Top of Material supplied
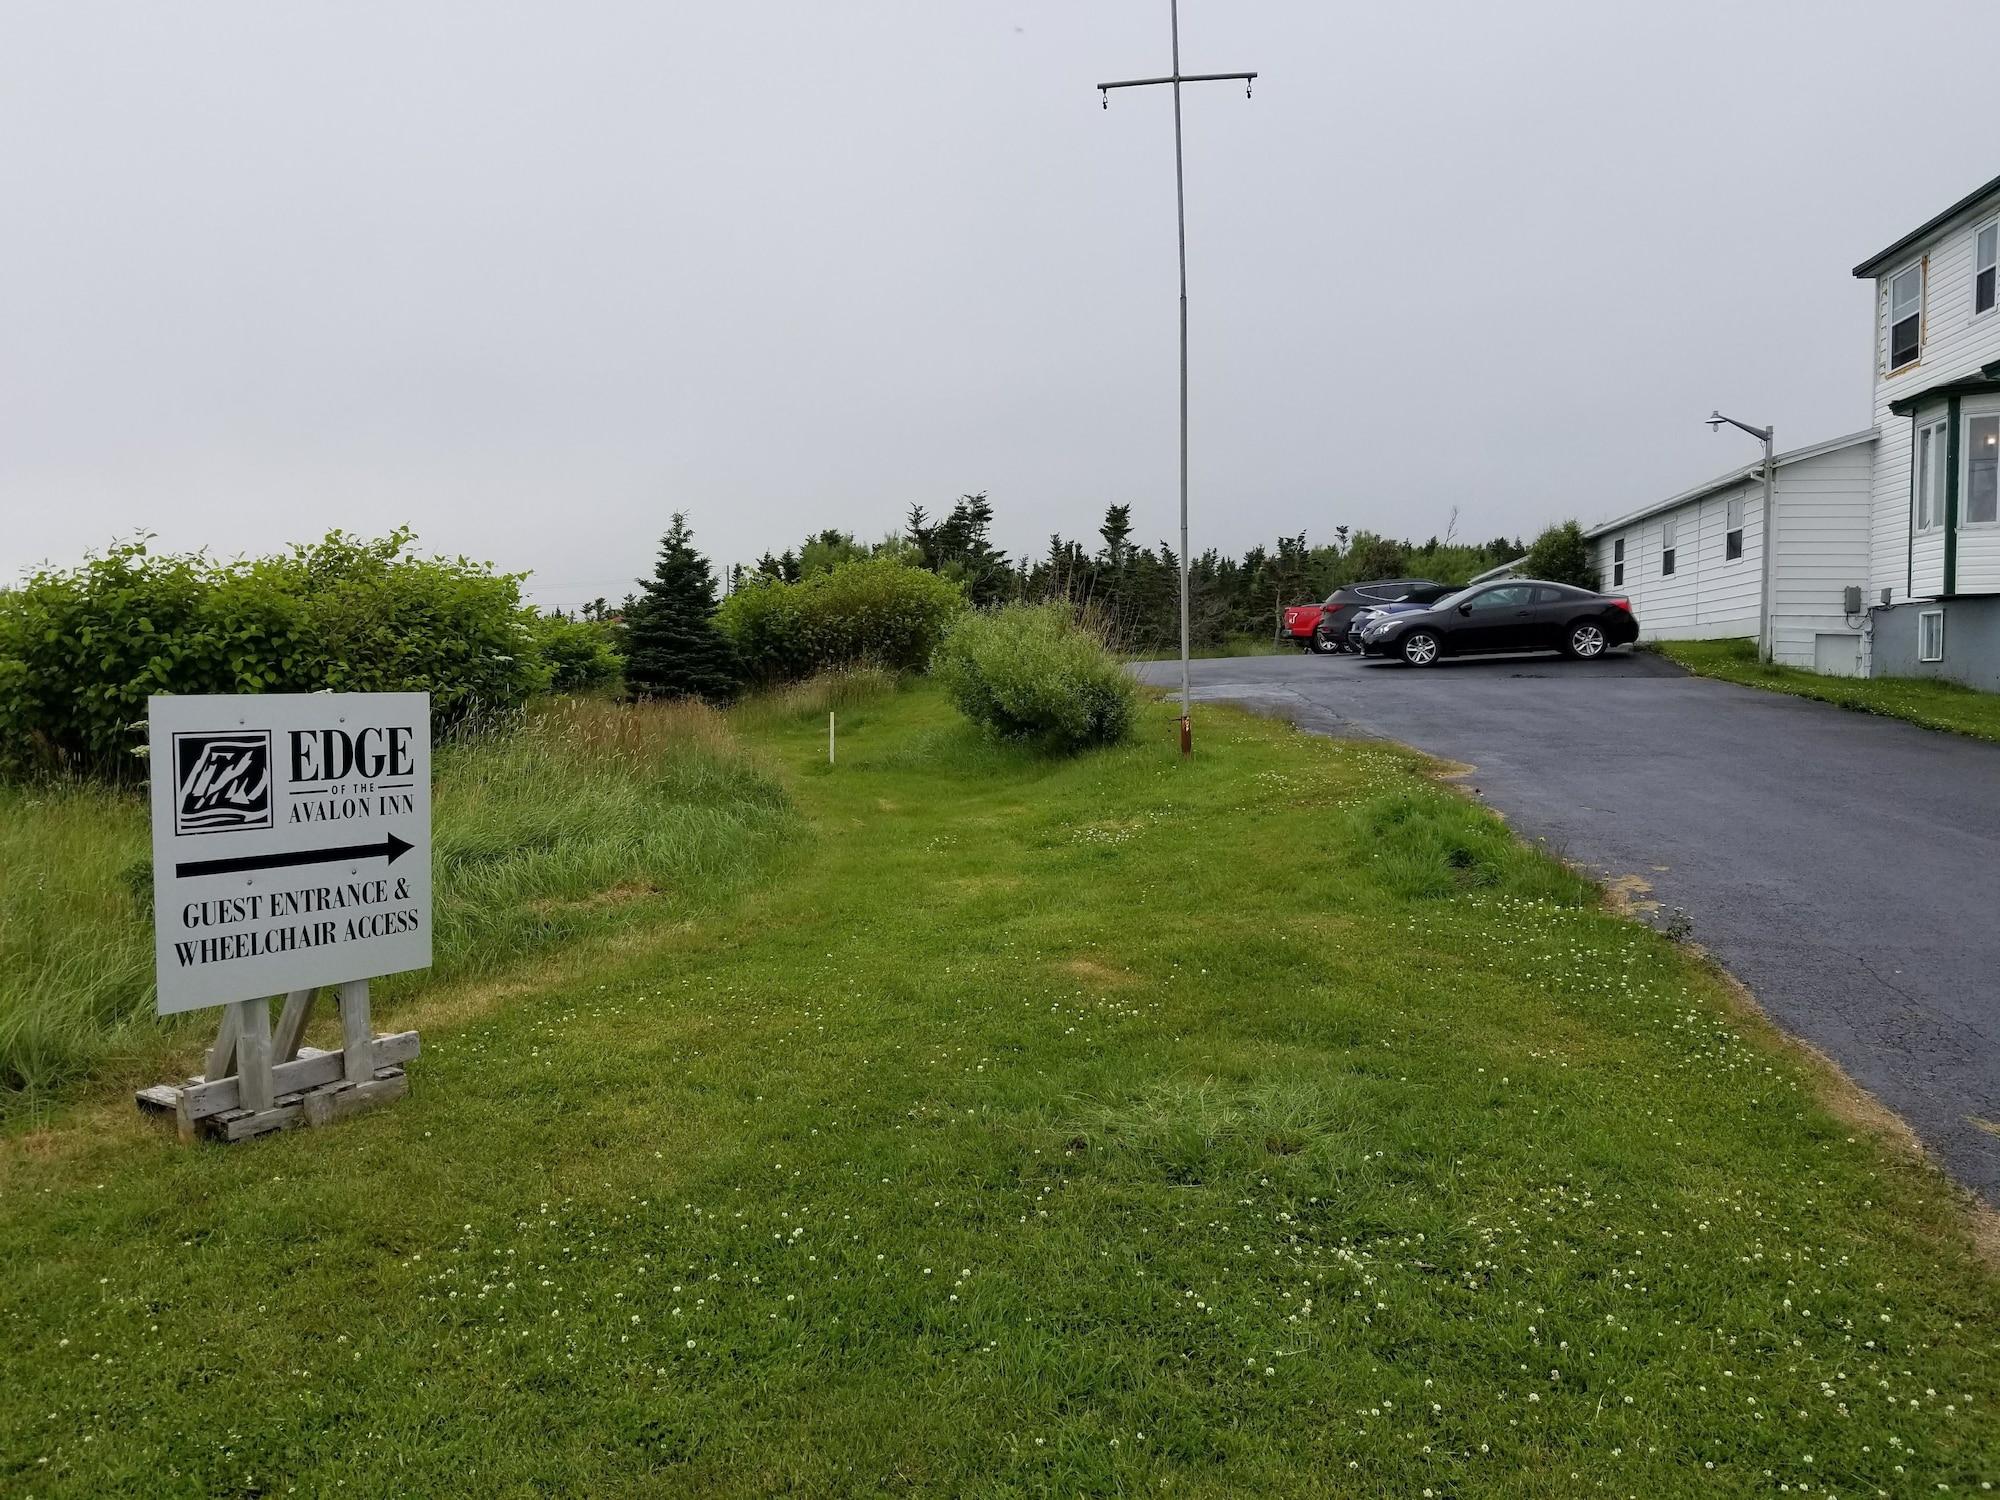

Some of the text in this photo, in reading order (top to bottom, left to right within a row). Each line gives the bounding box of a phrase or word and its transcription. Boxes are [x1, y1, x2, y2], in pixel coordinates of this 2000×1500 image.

[287, 726, 414, 782] EDGE
[288, 794, 414, 823] AVALON INN
[331, 783, 375, 795] OF THE
[182, 877, 411, 929] GUEST ENTRANCE &
[174, 908, 419, 968] WHEELCHAIR ACCESS
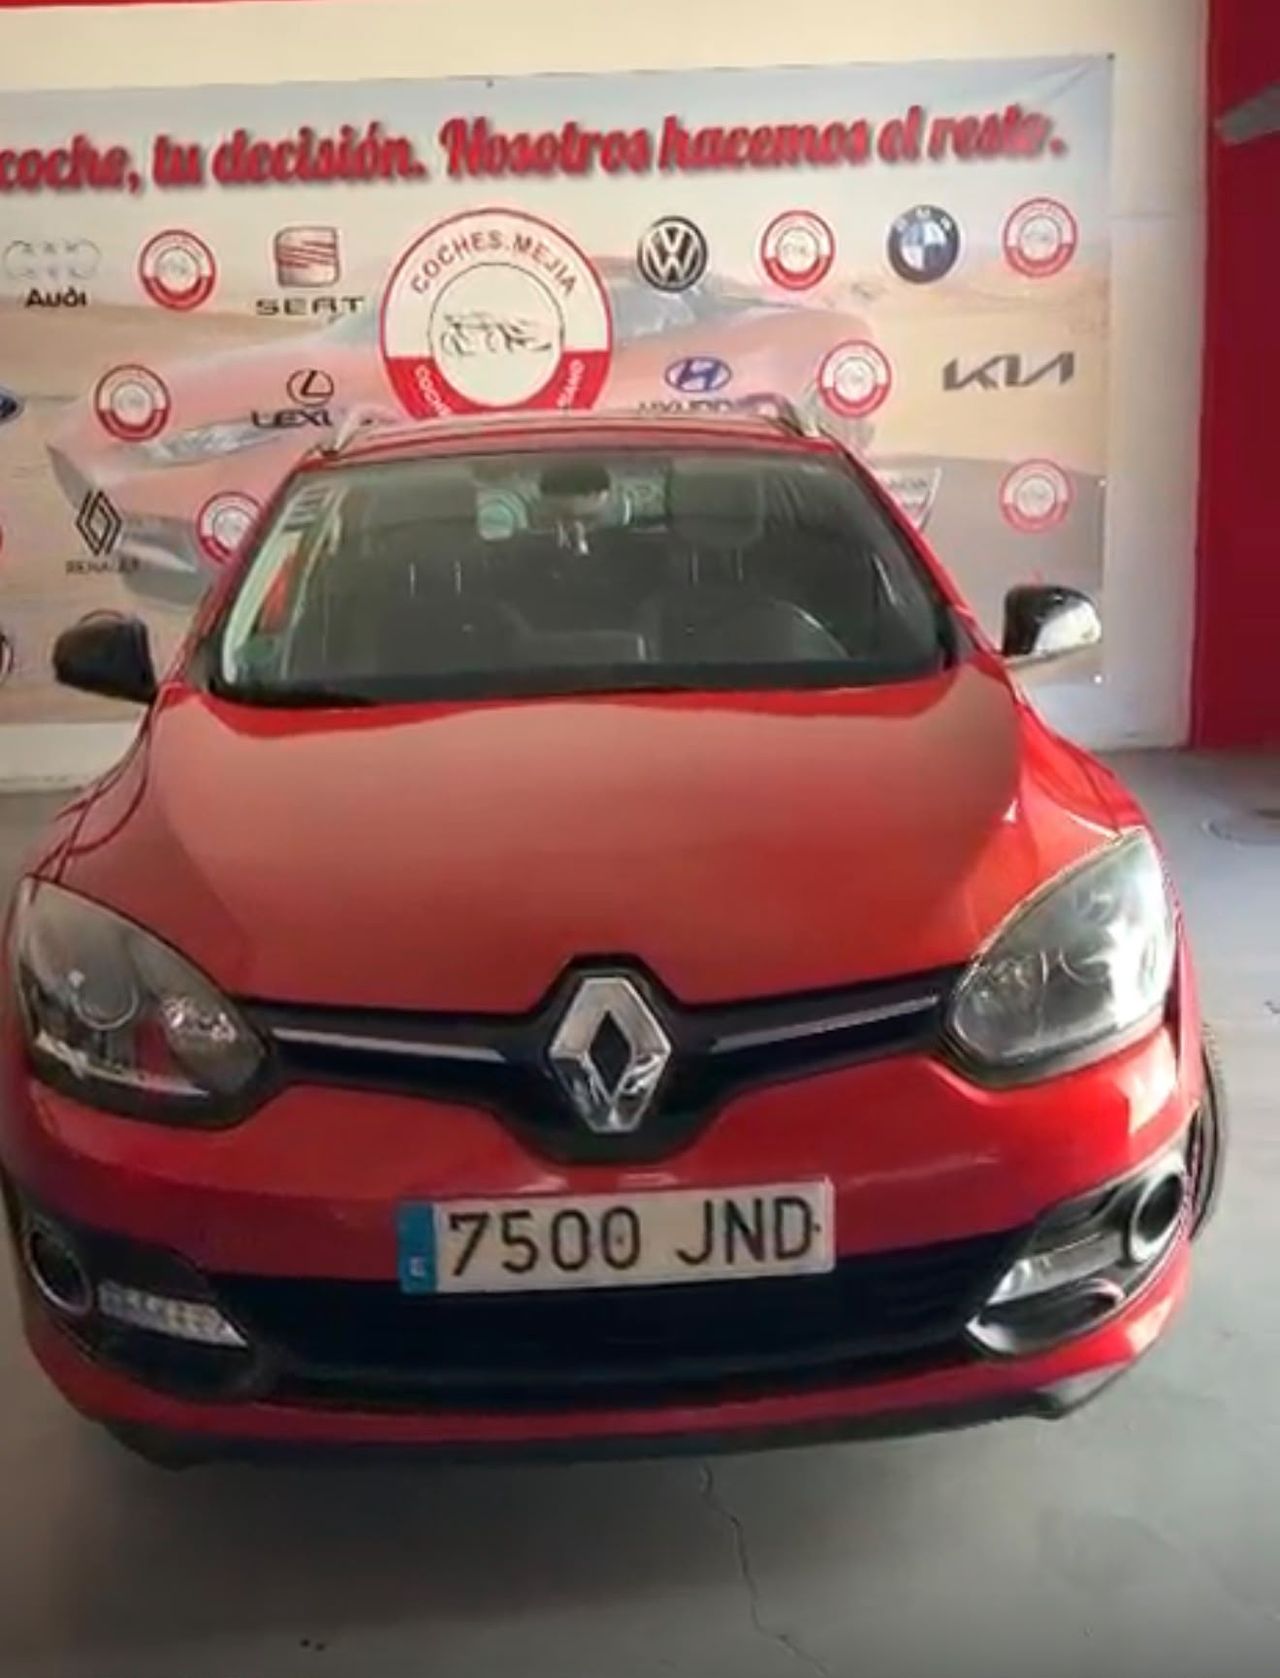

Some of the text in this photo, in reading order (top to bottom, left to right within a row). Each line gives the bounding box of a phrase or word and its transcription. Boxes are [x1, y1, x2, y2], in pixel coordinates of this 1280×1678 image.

[0, 134, 141, 194] coche,
[152, 134, 204, 188] tu
[211, 121, 427, 185] decisión.
[438, 116, 650, 179] Nosotros
[658, 111, 869, 172] hacemos
[876, 104, 925, 163] el
[256, 297, 365, 317] SEAT
[447, 1205, 641, 1277] 7500
[675, 1195, 813, 1266] JND
Bottom of Material supplied
#### [What you will do]
With the pictures omitted, the records above are to be repeated exactly.

#### [Solved exercise]
Some of the text in this photo, in reading order (top to bottom, left to right within a row). Each line gives the bounding box of a phrase or word and its transcription. Boxes are [x1, y1, x2, y2], in pixel coordinates of this 2000×1500 image.

[287, 726, 414, 782] EDGE
[288, 794, 414, 823] AVALON INN
[331, 783, 375, 795] OF THE
[182, 877, 411, 929] GUEST ENTRANCE &
[174, 908, 419, 968] WHEELCHAIR ACCESS

Some of the text in this photo, in reading order (top to bottom, left to right within a row). Each line gives the bounding box of a phrase or word and its transcription. Boxes are [x1, y1, x2, y2], in pixel coordinates of this 1280×1678 image.

[0, 134, 141, 194] coche,
[152, 134, 204, 188] tu
[211, 121, 427, 185] decisión.
[438, 116, 650, 179] Nosotros
[658, 111, 869, 172] hacemos
[876, 104, 925, 163] el
[256, 297, 365, 317] SEAT
[447, 1205, 641, 1277] 7500
[675, 1195, 813, 1266] JND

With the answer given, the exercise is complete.